YOUR GOAL — What is needed here is an exact printout of the data, with no pictures included.

Extracted records
☆ ☆ ☆ ☆ ☆
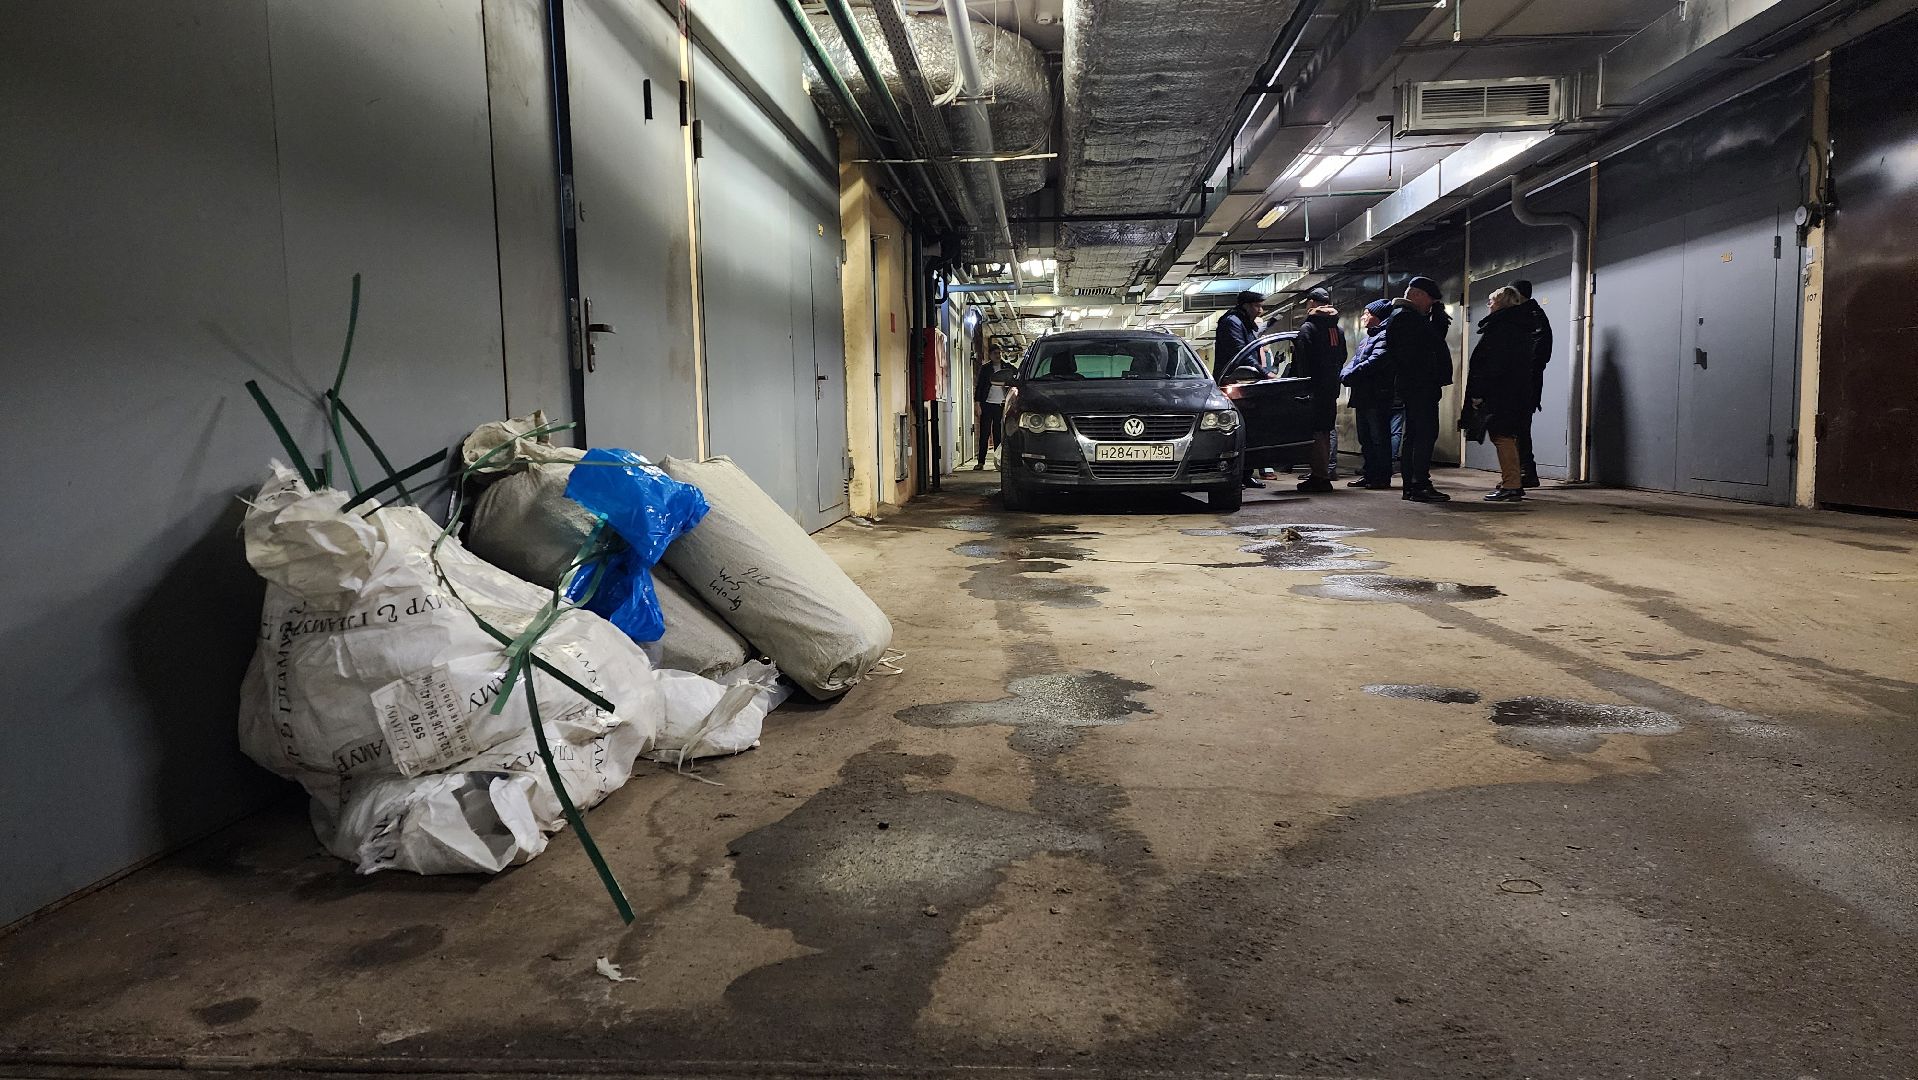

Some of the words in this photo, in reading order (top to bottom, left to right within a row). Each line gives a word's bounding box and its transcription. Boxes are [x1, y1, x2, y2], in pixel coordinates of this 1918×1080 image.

[1152, 446, 1170, 456] 750
[439, 682, 447, 693] 18
[420, 689, 430, 699] 42
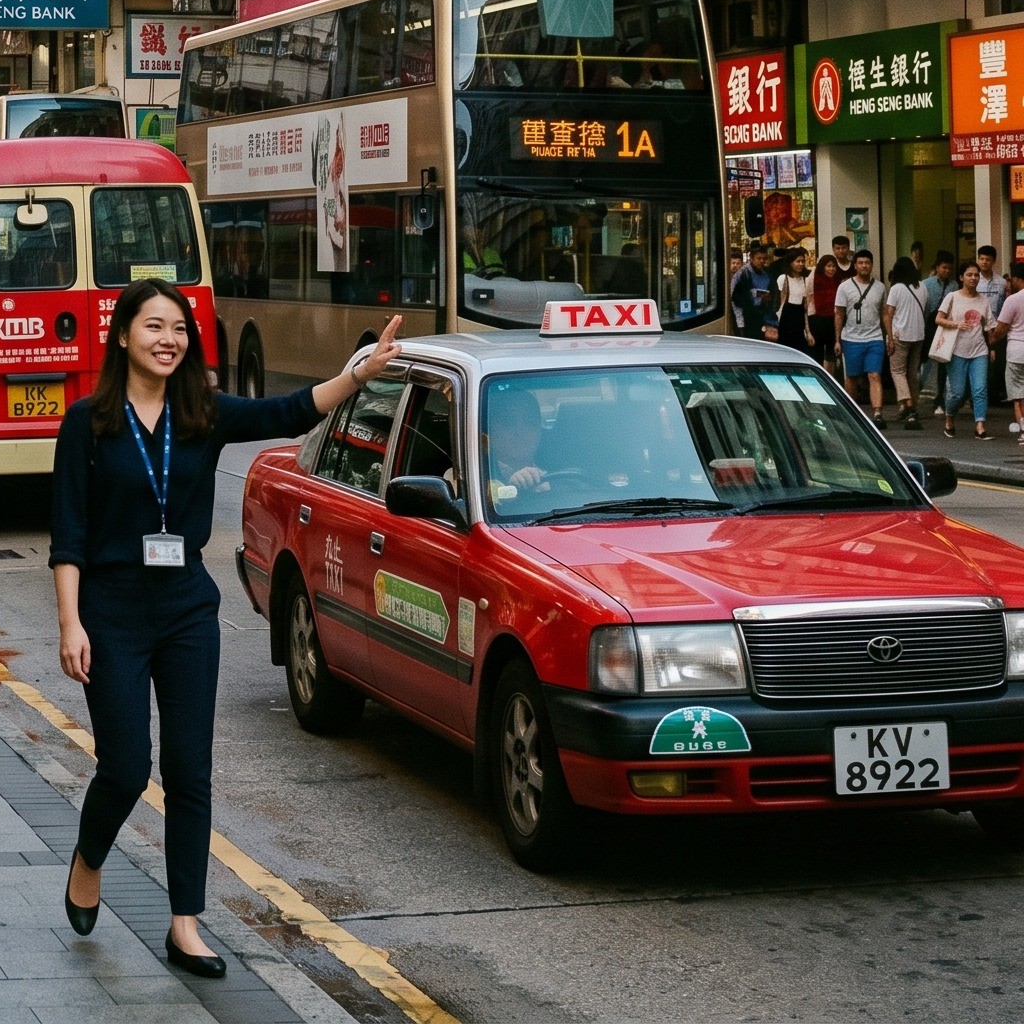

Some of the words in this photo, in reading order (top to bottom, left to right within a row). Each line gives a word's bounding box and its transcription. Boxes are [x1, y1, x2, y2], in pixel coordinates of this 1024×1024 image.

[31, 6, 76, 20] BANK
[727, 60, 781, 116] 銀行
[978, 39, 1009, 124] 豐澤
[904, 92, 933, 110] BANK
[616, 121, 656, 158] 1A
[752, 121, 783, 142] BANK
[560, 304, 651, 328] TAXI
[25, 386, 48, 401] KK
[867, 726, 913, 759] KV
[845, 757, 941, 793] 8922
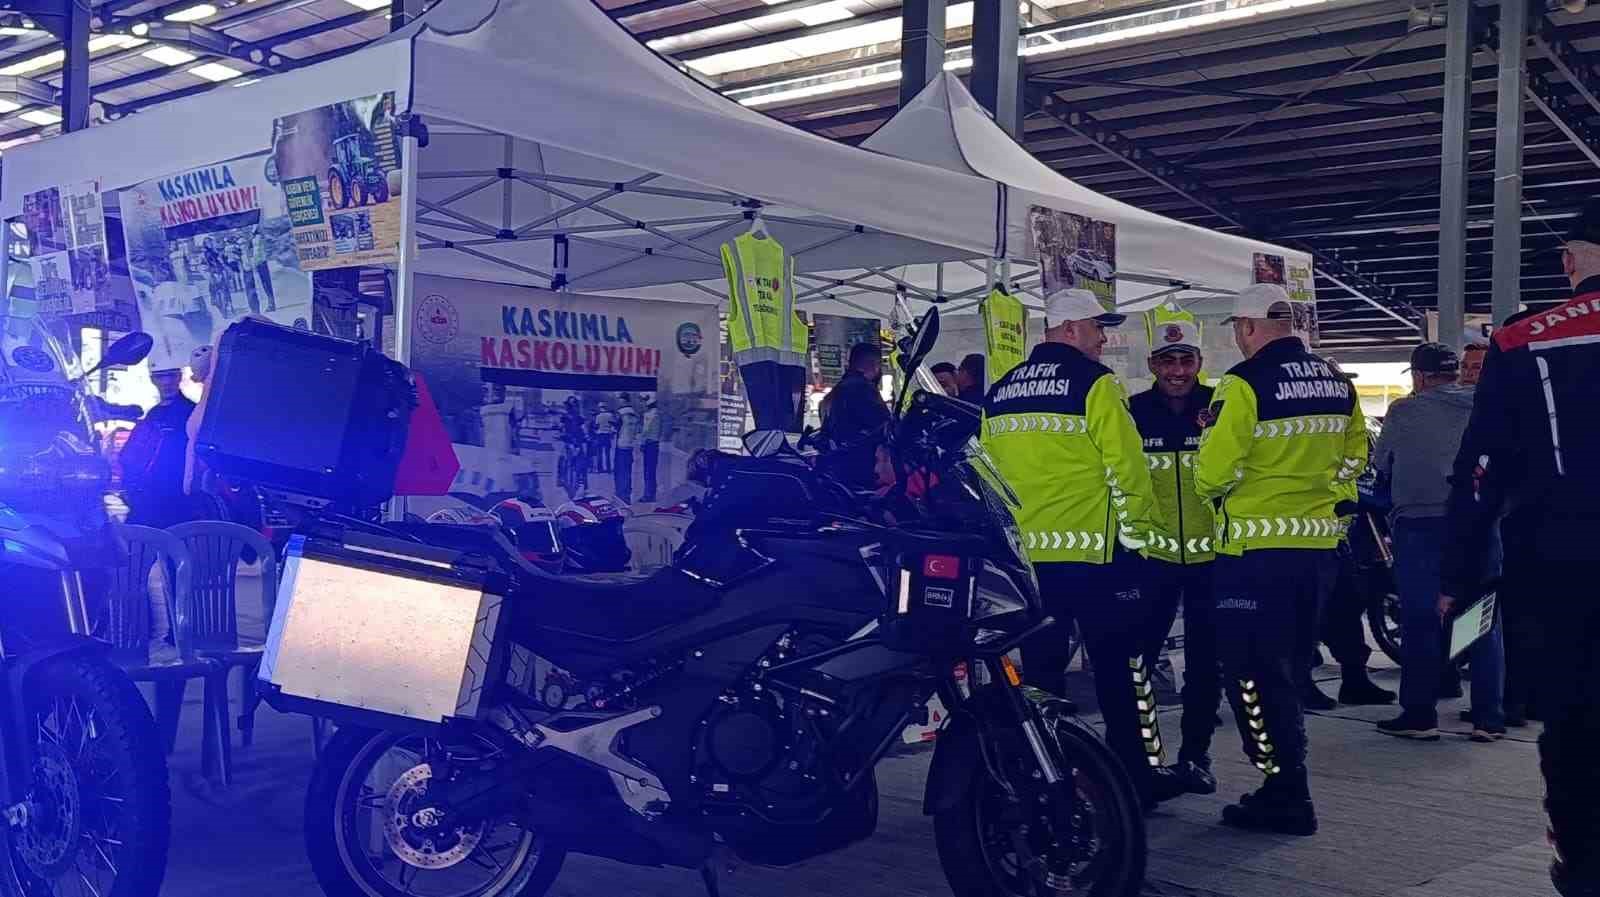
☆ ☆ ☆ ☆ ☆
RESULT OF THIS EXERCISE —
Some of the words in this photo, in reading order (top to bottom, left to right within a row). Each line gives a word's bounding box and its transcription. Boxes are [x1, y1, x2, y2], in pixel coordinates of this 1918×1080 image.

[1152, 446, 1170, 456] 750
[439, 682, 447, 693] 18
[420, 689, 430, 699] 42

Some of the words in this photo, in reading order (top to bottom, left to right within a row). Each line gives a word's bounding box and its transcription. Boxes are [x1, y1, x2, y2], in pixel coordinates of this 1024×1024 image.

[31, 6, 76, 20] BANK
[727, 60, 781, 116] 銀行
[978, 39, 1009, 124] 豐澤
[904, 92, 933, 110] BANK
[616, 121, 656, 158] 1A
[752, 121, 783, 142] BANK
[560, 304, 651, 328] TAXI
[25, 386, 48, 401] KK
[867, 726, 913, 759] KV
[845, 757, 941, 793] 8922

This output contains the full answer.